CHAPTER 44 Pericarditis

Pericarditis is an uncommon but not rare condition in the horse. Early recognition of the disease is necessary for optimal outcome. Horses with cardiac tamponade secondary to pericarditis represent a true medical emergency. In this chapter, the causes, clinical signs, diagnosis, treatment, and prognosis for horses with pericarditis are reviewed.

In horses, pericarditis has been associated with viral and bacterial infections (equine herpesvirus type 1 [EHV-1], equine herpesvirus type 2 [EHV-2], influenza virus, Streptococcus spp., Actinobacillus equuli, Pseudomonas spp., Pasteurella multocida, Staphylococcus aureus, Acinetobacter spp., Escherichia coli, Enterococcus faecalis, Corynebacterium pyogenes, Mycoplasma felis, Propionibacterium acnes, Corynebacterium pseudotuberculosis, and Clostridium spp.), immune-mediated disease such as eosinophilic pericarditis, neoplasia, trauma, and contiguous spread of an inflammatory process from adjacent or nearby tissues. Many cases of pericarditis in horses, however, are considered idiopathic.

Three outbreaks of pericarditis have been reported. The most thoroughly investigated occurred in the spring of 2001 (and to a lesser extent in 2002) in association with mare reproductive loss syndrome (MRLS) in Kentucky and surrounding areas. Other manifestations of MRLS included early and late fetal losses, endophthalmitis, weak late-term foals, and Actinobacillus spp.-associated encephalitis. Approximately 60 horses were affected with pericarditis. In all cases, echocardiography revealed fibrin adherent to the pericardium and a variable volume of fluid in the pericardial space, and many horses also had concurrent pneumonia. Repeated pericardiocentesis was necessary in virtually all affected horses; pericardial lavage was performed in fewer cases.

In approximately two thirds of these cases, fluid was characterized as an aseptic fibrinous effusion, whereas sepsis was the etiology in one third of cases. Bacteria isolated from the septic effusions by use of standard culture techniques included A. equuli, Streptococcus spp., P. multocida, S. aureus, Acinetobacter, and Pseudomonas spp. A. equuli was the most common isolate and may be pericardiotropic in horses; Streptococcus spp. were the second most common. Use of insect cell culture growth medium to culture fastidious bacteria from stored frozen pericardial samples has yielded growth of P. acnes, Staphylococcus equorum, Streptococcus spp, and Pseudomonas rhodesiae. The variety of bacterial isolates obtained makes it likely that bacterial infection of the pericardial space was opportunistic and developed secondary to a separate predisposing factor. Horses with both aseptic and septic fibrinous pericarditis all had negative results of testing for equine viral arteritis (EVA); EHV-1, -2, and -4; equine influenza virus; Mycoplasma spp., and Histoplasma spp. Bacterial isolates from horses that died included A. equuli, Streptococcus zooepidemicus, and Enterococcus faecalis. Viruses and mycoplasma were not isolated. Polymerase chain reaction assay of pericardial fluid yielded positive results for EHV-2, which is ubiquitous among horses.

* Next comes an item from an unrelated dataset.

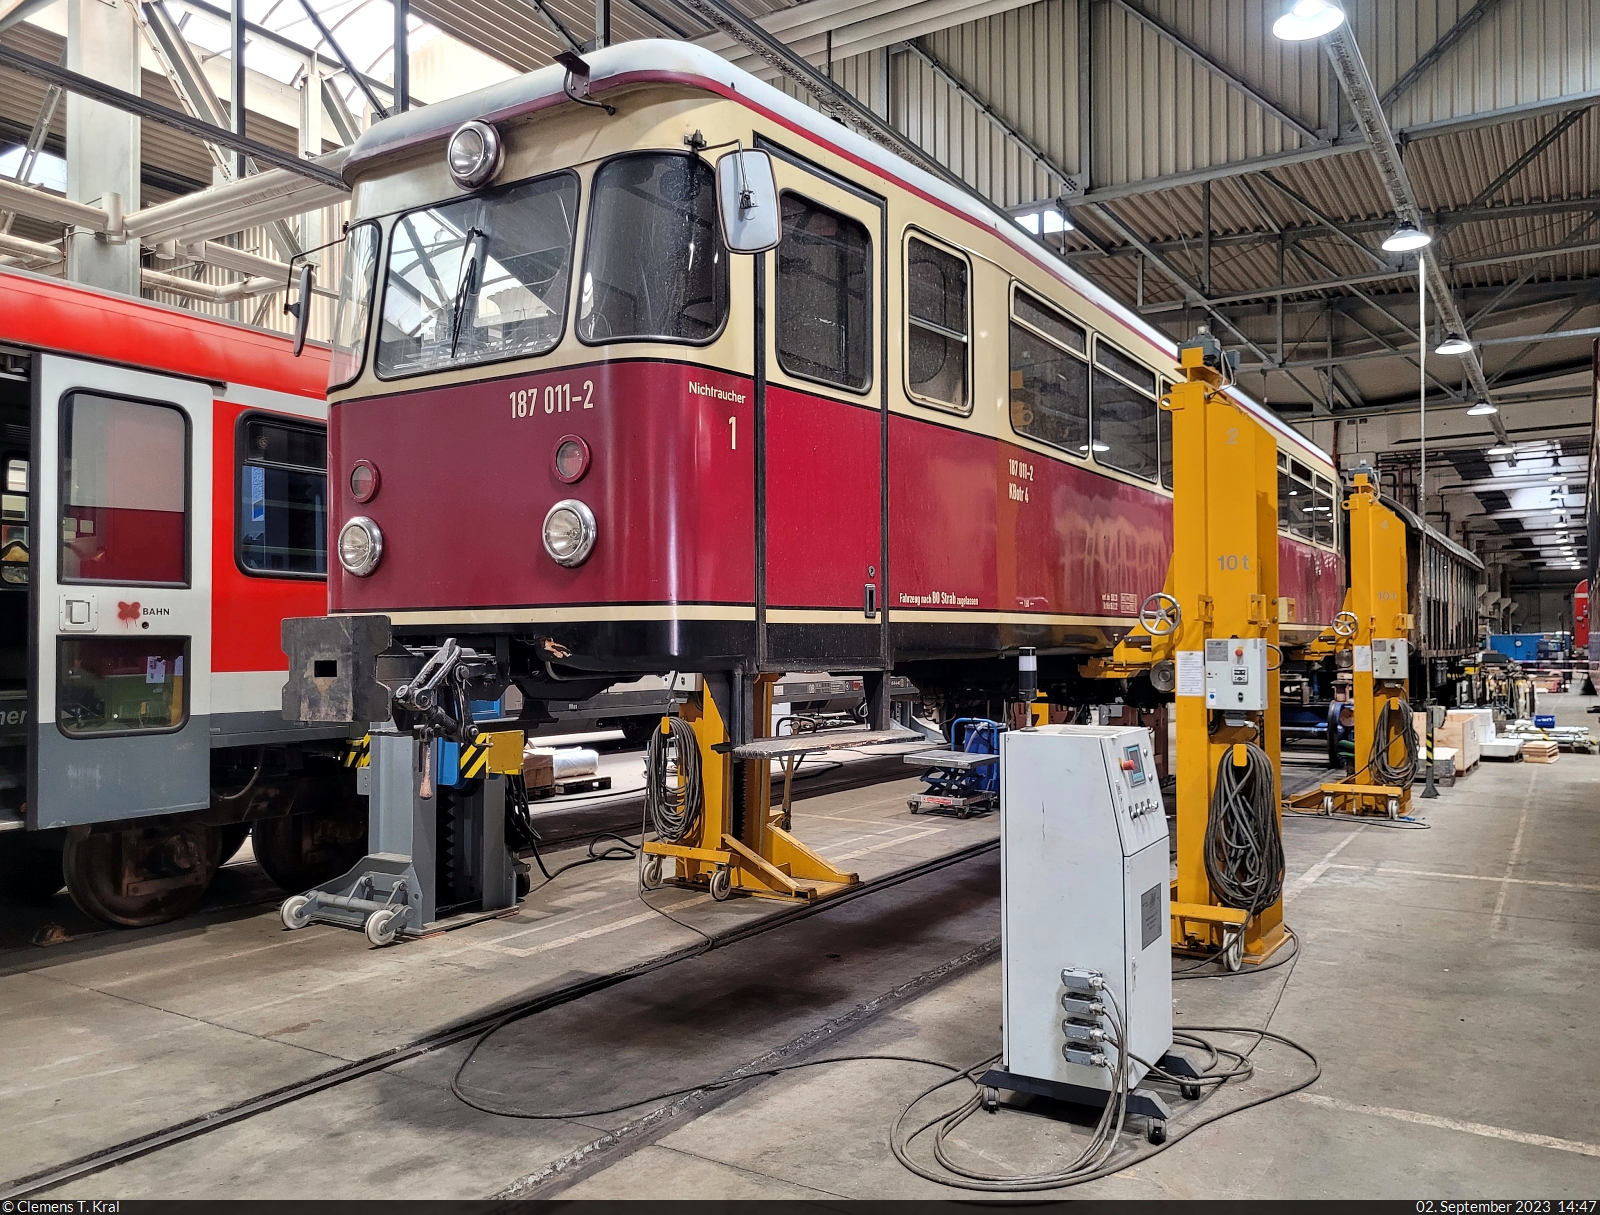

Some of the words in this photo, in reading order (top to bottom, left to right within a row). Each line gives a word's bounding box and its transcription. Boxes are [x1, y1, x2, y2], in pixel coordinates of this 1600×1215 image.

The clinical manifestations of MRLS were associated with a point-source exposure to eastern tent caterpillars, and it has been hypothesized that gastrointestinal damage from caterpillar setae lead to embolization of normal gastrointestinal tract flora that are delivered to the fetal fluids, pericardium, and aqueous humor. In support of the hypothesis, microgranulomatous lesions were observed around the setae embedded in the submucosal lining of the gastrointestinal tract of affected horses. Interestingly, the Actinobacillus strains isolated from pericardial fluid are the same as those found in the gastrointestinal tract of normal healthy horses.

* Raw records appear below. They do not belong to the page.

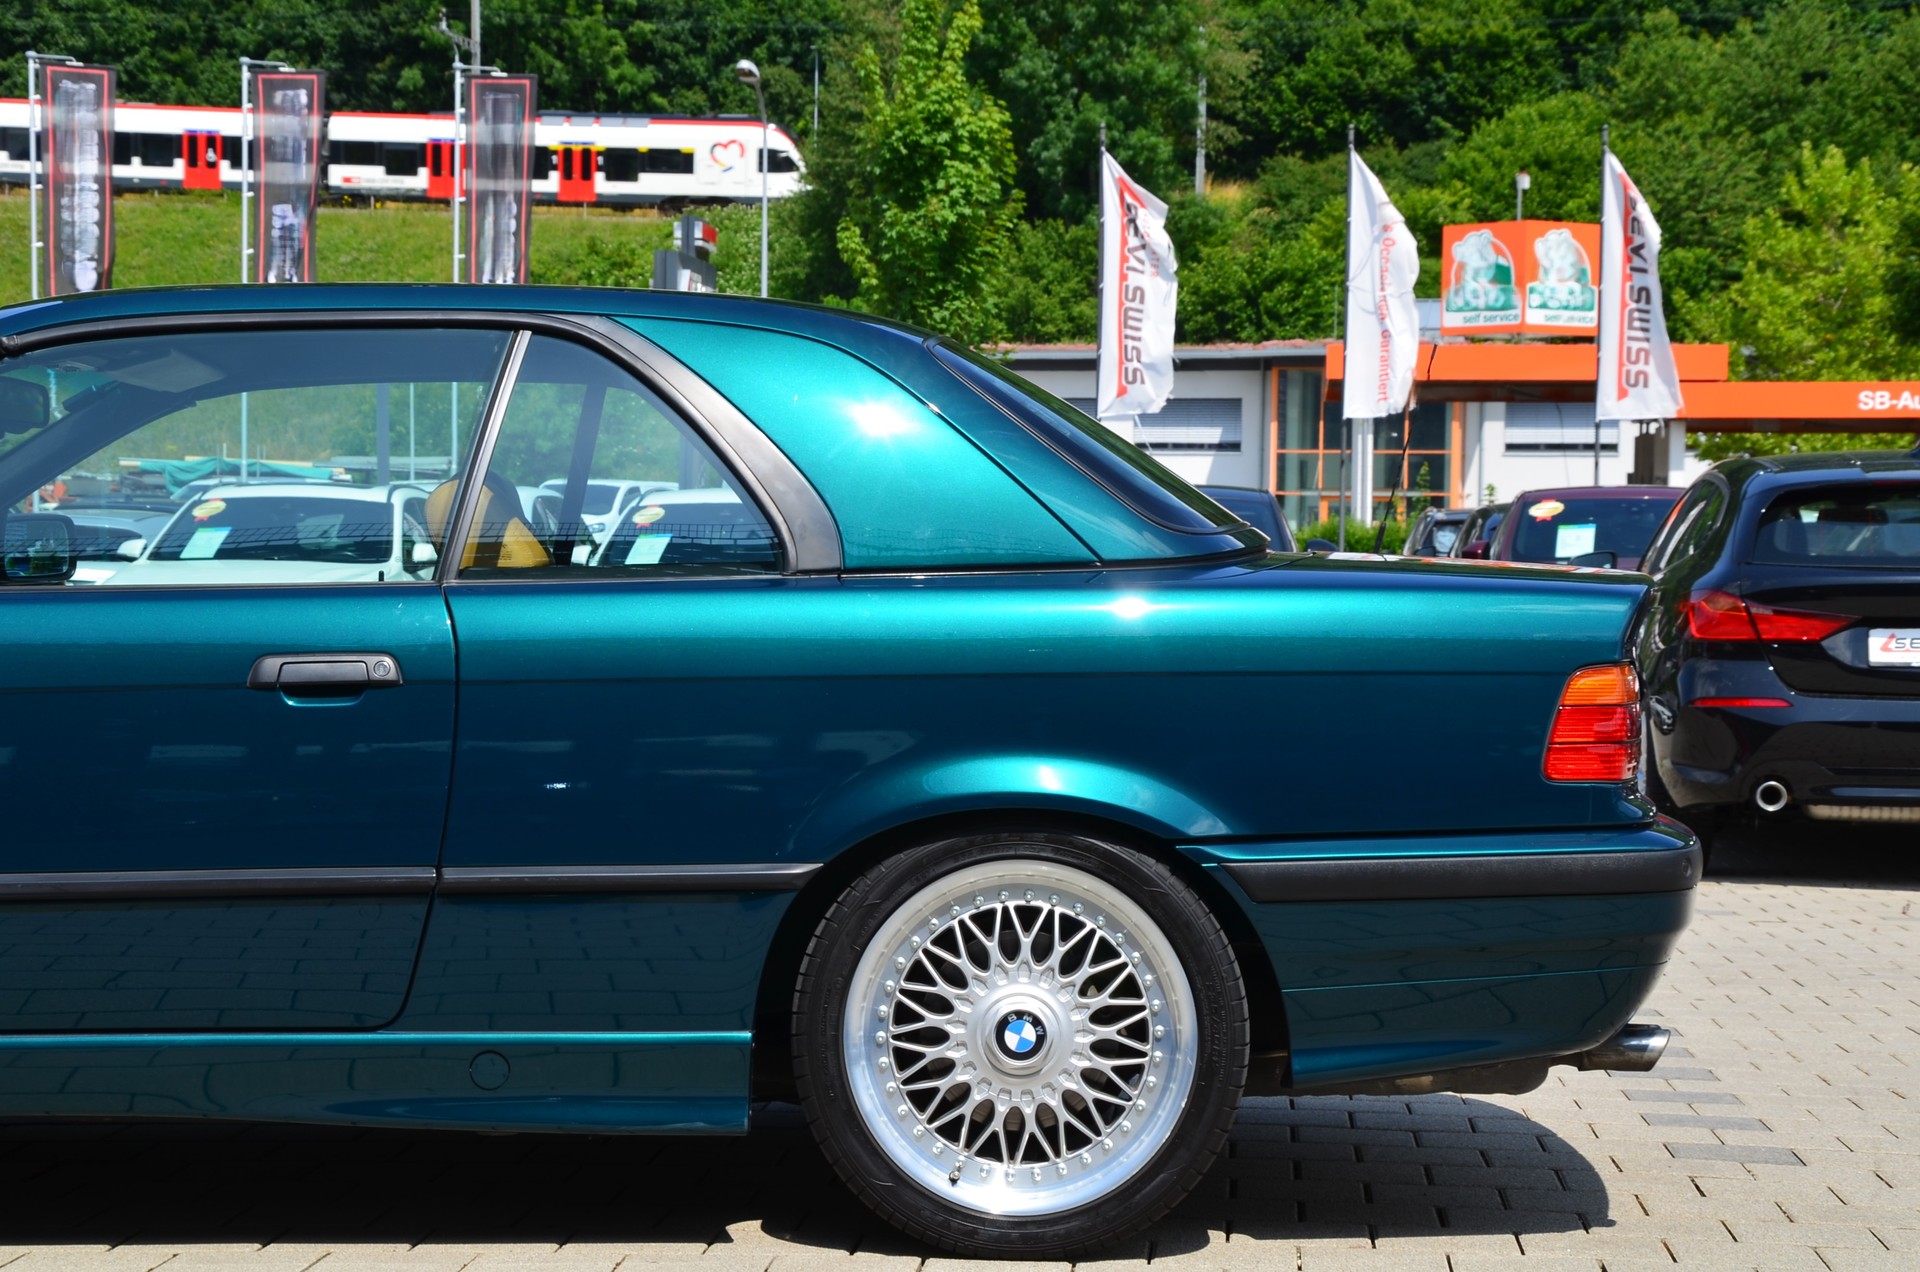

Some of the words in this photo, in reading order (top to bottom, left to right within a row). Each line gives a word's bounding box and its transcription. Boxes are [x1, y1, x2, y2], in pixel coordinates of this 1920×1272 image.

[1122, 283, 1146, 386] SWISS
[1463, 313, 1481, 324] self
[1483, 313, 1520, 323] service
[1624, 284, 1652, 389] SWISS
[1007, 1012, 1044, 1035] BMW

The rapidity of onset of clinical signs of pericarditis varies considerably, ranging from acute pericardial fluid accumulation to slower, more chronic fluid accumulation, with or without pericardial fibrosis. Clinical signs are seen when diastolic cardiac filling is impaired, leading to systemic venous congestion and decreased cardiac output. This can develop as intrapericardial pressure increases with pericardial fluid accumulation (cardiac tamponade) or when fibrosis of the pericardium restricts normal distensibility. Development of increased pericardial pressure depends on the volume of pericardial fluid, rate of accumulation, and properties of the pericardium itself. Because the right side of the heart can withstand less transmural pressure than the left side before collapsing, signs of right-sided cardiac dysfunction develop first.

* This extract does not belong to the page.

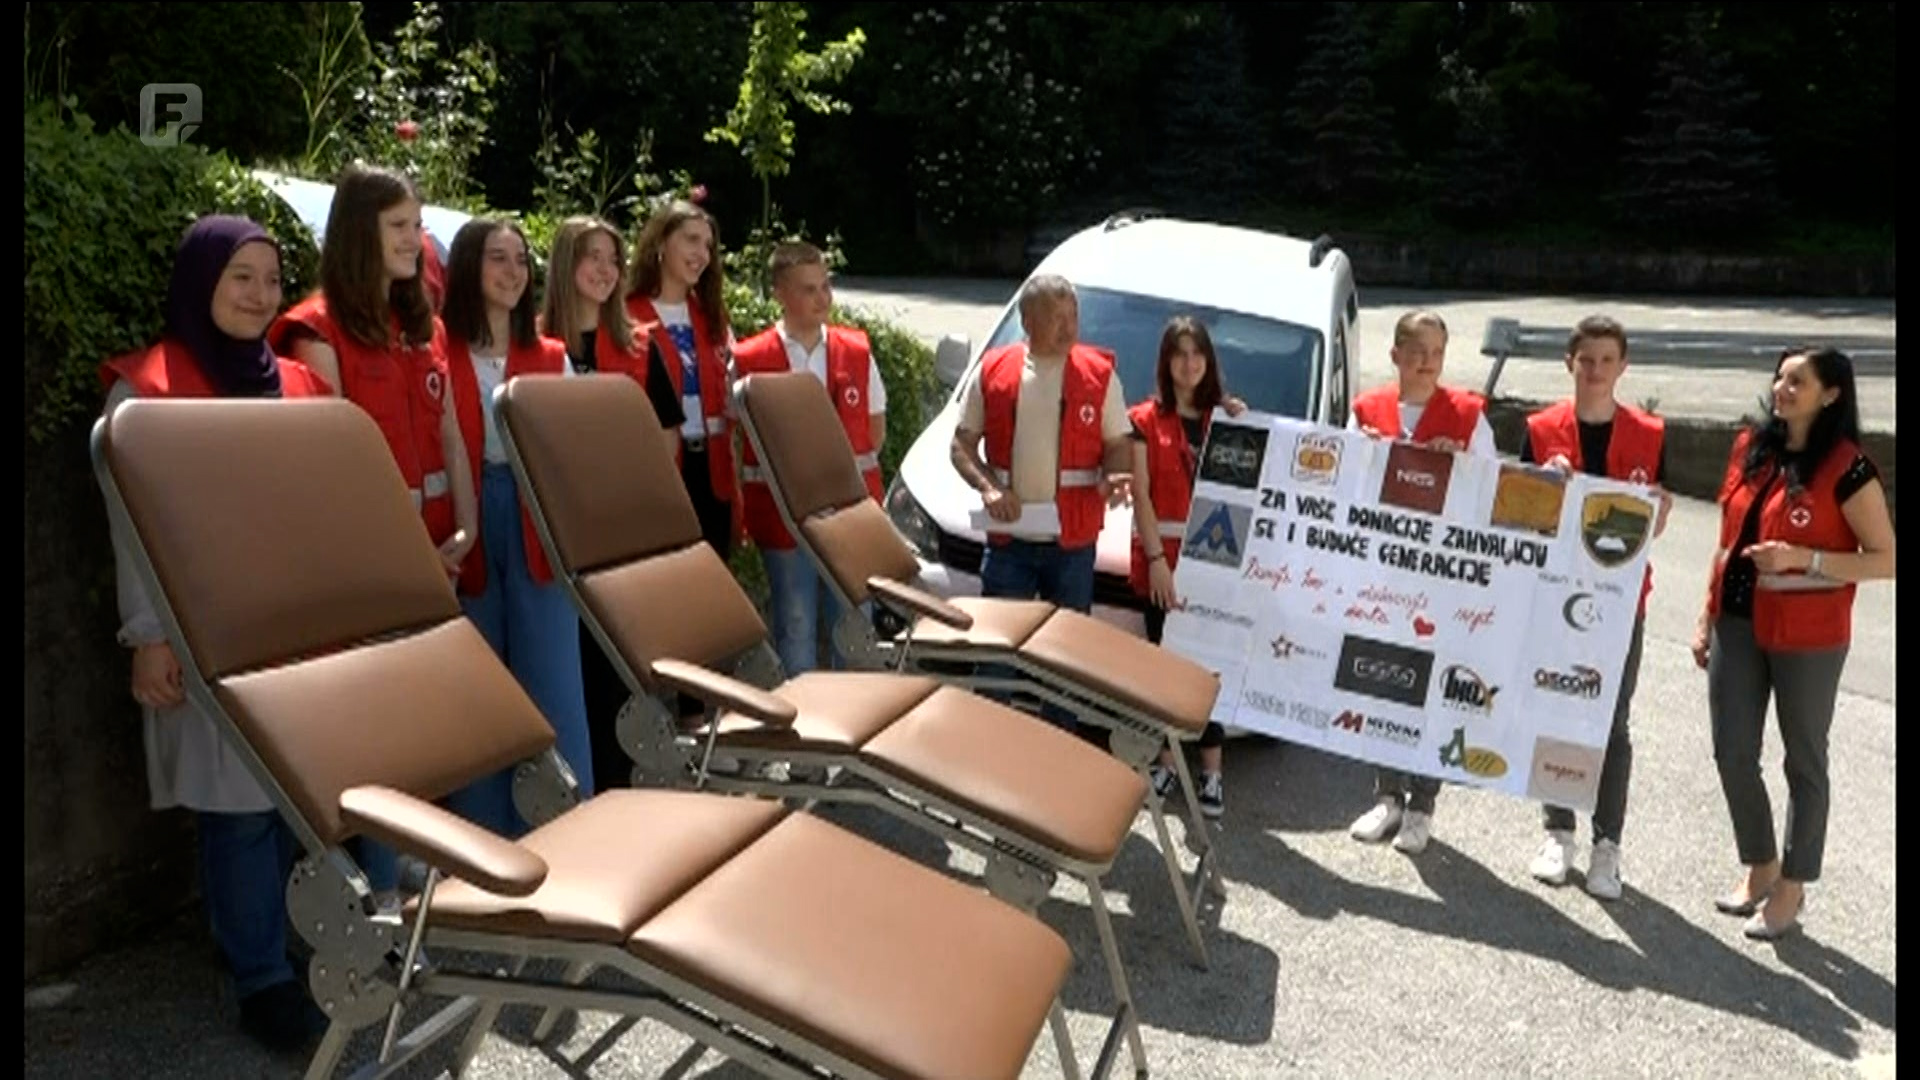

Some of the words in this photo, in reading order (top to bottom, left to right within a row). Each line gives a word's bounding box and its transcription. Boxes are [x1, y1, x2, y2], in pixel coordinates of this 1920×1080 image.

Common owner complaints at initial evaluation are often nonspecific and include fever, poor appetite, lethargy, weight loss, colic, and tachypnea. Signs of cardiac or respiratory tract disease are common reasons for referral of an affected horse from another veterinarian. Clinical signs appreciated in most horses with cardiac tamponade include tachycardia, jugular and other systemic venous distension, ventral edema, weak pulses, pale or cyanotic mucous membranes, and quiet heart sounds if the volume of pericardial fluid is substantial. Clinical signs detected inmany horses with cardiac tamponade include pericardial friction rubs if the effusion is fibrinous, depression, fever, tachypnea or dyspnea, and quiet lung sounds ventrally. Pericardial friction rubs are classically triphasic in that they are heard during atrial contraction, ventricular contraction, and after early diastolic filling.

Pulsus paradoxus may also be detected in horses with cardiac tamponade and is appreciated as an exaggeration of the normal decrease in systemic blood pressure that occurs during inspiration. This decrease is a result of decreased left ventricular stroke volume during inspiration because of increased venous return and right ventricular filling at the expense of left ventricular filling, a transient reduction in the filling gradient between the pulmonary veins and the left atrium, and a decrease in the contribution of the interventricular septum to left ventricular contraction. In my experience, peripheral pulses are sometimes too weak for pulsus paradoxus to be appreciated in horses with cardiac tamponade.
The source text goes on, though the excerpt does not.